The US Democrats won a surprise victory in a special vote on a congressional seat in the state of Alaska.
Democrat Mary Peltola won the race against former Republican vice presidential candidate Sarah Palin, the Alaska election commissioner said. Peltola received 51.5 percent of the votes, Palin around 48.5 percent. The seat had previously been in Republican hands for decades.
Disappointment at Palin
The seat had been vacated by the death of longtime Republican Congressman Don Young, leading to the unscheduled election. The vote had already taken place in mid-August. Because no one achieved an absolute majority in the count on election day, the outcome of the election was only clarified with a delay. Alaska has only one seat in the US House of Representatives.
However, the seat will be reassigned in the forthcoming congressional elections in November. Then the entire House of Representatives will be re-elected, as will a third of the seats in the other chamber of Congress, the Senate. Then Palin has another chance.
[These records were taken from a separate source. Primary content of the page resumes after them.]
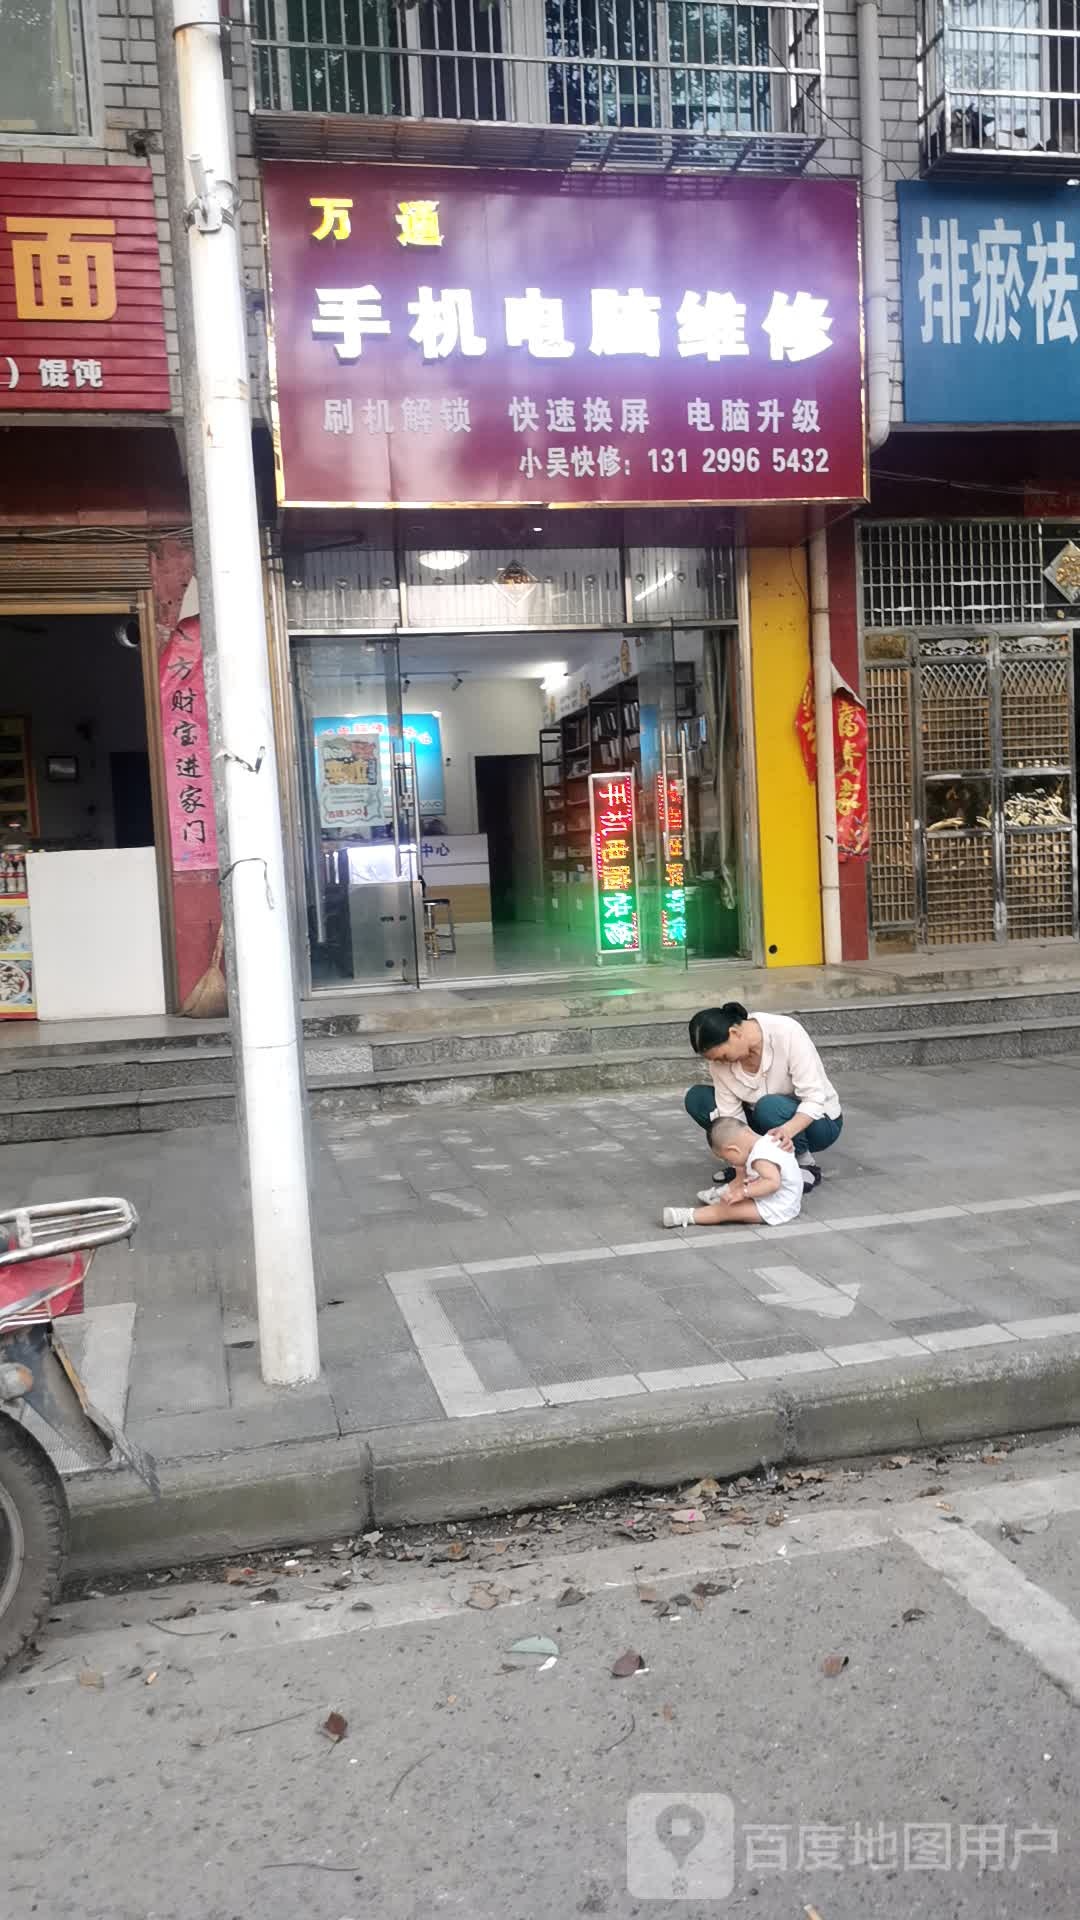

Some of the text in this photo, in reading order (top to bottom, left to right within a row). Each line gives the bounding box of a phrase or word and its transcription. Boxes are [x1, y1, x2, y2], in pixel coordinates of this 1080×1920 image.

[310, 197, 443, 247] 万通
[6, 216, 118, 320] 面
[916, 216, 1079, 344] 排瘀祛
[311, 284, 834, 362] 手机电脑维修
[323, 396, 821, 434] 刷机解锁 快速换屏 电脑升级
[649, 449, 688, 473] 131
[702, 447, 760, 473] 2996
[772, 447, 830, 473] 5432
[599, 782, 633, 945] 手机电脑快修
Some importance was nevertheless attached to the special vote just a few months earlier.
The result is a major disappointment for Palin, who served as Alaska’s governor from 2006 to 2009 and who gained some notoriety as a one-time icon of the radically conservative and populist Tea Party movement and as a Republican vice presidential candidate. Far more prominent than the nationally unknown Peltola, Palin seemed to have the advantage in Republican Alaska. After a long break, the Republican wanted to make her political comeback in the vote. That didn’t work, at least not on the first try. Peltola and Palin will both run again in November’s election.
Former US President Donald Trump supported Palin during the election campaign. Their defeat is therefore also a defeat for Trump.